The Ultimate Relay Race: The Monarch Butterfly Story - Stages of a Monarch Butterfly's Life

"Stages of Monarch Butterflies Life", Photos of Emerging Monarch, http://www.monarch-butterfly.com/.

Monarch butterflies change form as they grow. This process is called metamorphosis and covers four stages from egg to larva (caterpillar), to pupa and, finally, to adult butterfly. This process takes thirty days.

The first state, the egg, lasts just a few days. The female Monarch lays an egg on a milkweed plant, then moves to another plant or leaf. Adult females lay an estimated 100 to 300 eggs. On the fourth day, the eggs hatch. The eggs are very small, about the size of a pencil point.

The next stage is the larva. This stage lasts between ten days to two weeks. After hatching, the larvae eat their eggshell homes and move onto the milkweed where their eggs were laid. They eat and eat and eat. They eat so much that they start getting too large for their skin, so they shed it. This process—when a Monarch, in caterpillar form, crawls out of its skin—is called molting.
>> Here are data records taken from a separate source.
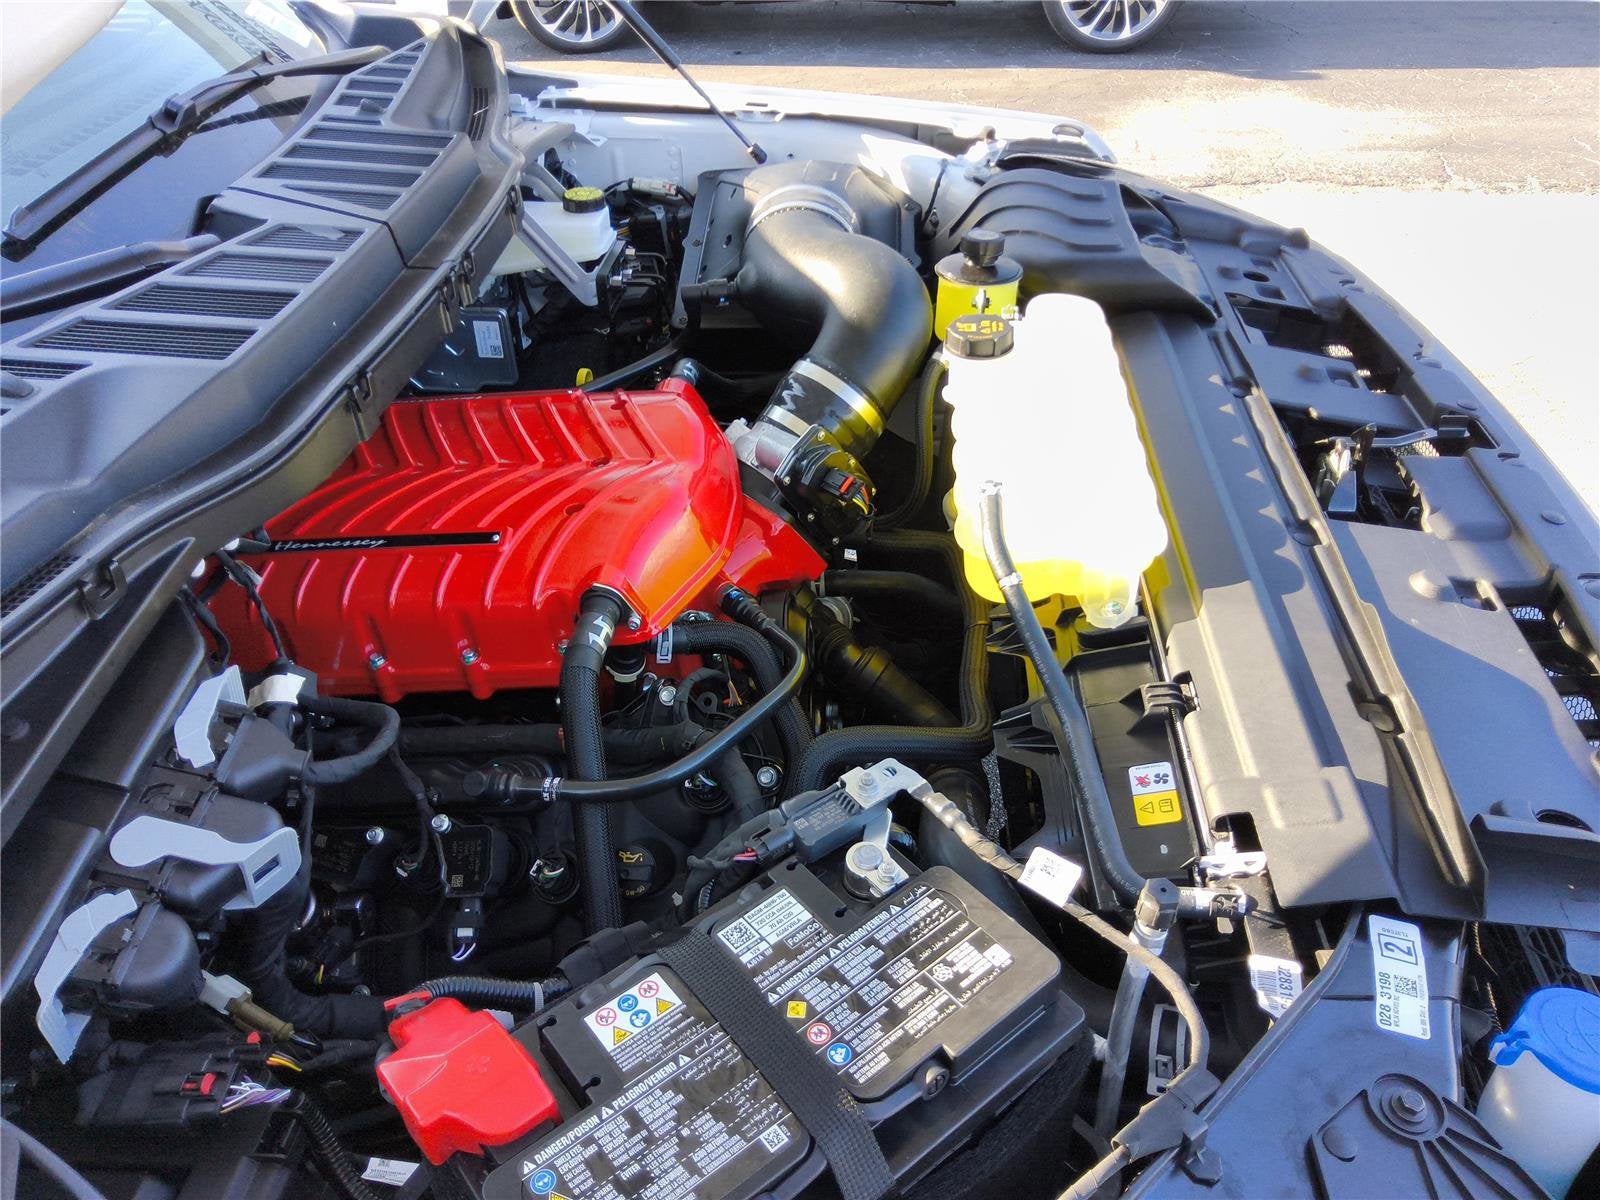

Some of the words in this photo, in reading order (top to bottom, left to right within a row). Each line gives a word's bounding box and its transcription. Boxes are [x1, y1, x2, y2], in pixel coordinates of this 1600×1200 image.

[275, 538, 388, 551] Hennessey
[786, 920, 820, 946] FoMoCo
[774, 953, 831, 996] DANGER/POISON
[836, 909, 892, 951] PELIGRO/VENENO
[1384, 941, 1414, 958] 2
[1378, 971, 1392, 1000] 3198
[1379, 1003, 1392, 1027] 028
[852, 1023, 863, 1033] ALL
[632, 1093, 655, 1112] PROTEJA
[651, 1087, 663, 1099] LOS
[649, 1098, 662, 1109] LOS
[657, 1088, 675, 1104] GASES
[532, 1113, 601, 1166] DANGER/POISON
[610, 1060, 679, 1111] PELIGRO/VENENO
[613, 1113, 626, 1125] LES
[679, 1126, 691, 1137] NO
[692, 1110, 713, 1128] CHISPAS
[610, 1126, 622, 1138] LES
[618, 1120, 631, 1132] GAZ
[696, 1117, 717, 1134] FLAMAS
[601, 1132, 628, 1154] EXPLOSIFS
[552, 1151, 572, 1168] SHIELD
[568, 1142, 585, 1157] EYES.
[557, 1152, 584, 1175] EXPLOSIVE
[580, 1142, 599, 1158] GASES
[643, 1152, 655, 1164] LES
[647, 1159, 659, 1170] LES
[652, 1166, 662, 1176] DE
[658, 1155, 677, 1172] FUMER
[562, 1170, 575, 1182] CAN
[571, 1161, 587, 1176] CAUSE
[592, 1182, 614, 1200] SPARKS
[670, 1179, 679, 1189] LA
After the caterpillar's new skin dries, it ... are you ready for this?? ... eats its old skin. Have a look at these pictures.

The time-span, between the caterpillar's molts, is called instars. The Monarch caterpillar sheds its skin—or, its exoskeleton—five times. It has to shed its skin because, unlike human beings, the skin of a Monarch caterpillar does not stretch.

The National Wildlife Federation has a series of pictures depicting each stage of the Monarch's metamorphosis. They are pretty amazing!

The size of the caterpillar's body changes from a first-stage length (measuring between 2mm and 6mm) to a second-second instar (where it grows from about 6mm to 9mm). At the third-instar, the caterpillar expands from 10mm to14mm and the fourth instar sees the caterpillar lengthen between 13mm and 25mm. By the last instar, or the fifth stage of molting, the caterpillar's length is between 25mm to 45mm.

After five instars, the Monarch reaches the Pupa stage. It can take some doing for the Monarch caterpillar to stuff its body into the chrysalis!

This last stage continues between ten days and two weeks. During this pupal stage, while the Monarch goes through its final transformation, it has no defense against predators so—with Mother Nature's help—they are sometimes very hard to see.

Emerging from the pupal stage, the Monarch is an adult butterfly. It will mate, and the process starts all over again.

Instinctively, Monarchs know where their predecessors were born; they return to this location for years to come. Interestingly, milkweed plants contain a poisonous toxin. The Monarchs store this in their bodies, and it makes them taste terrible to birds and other predators.

We could say this toxin provides these beautiful butterflies with their own unique protection system.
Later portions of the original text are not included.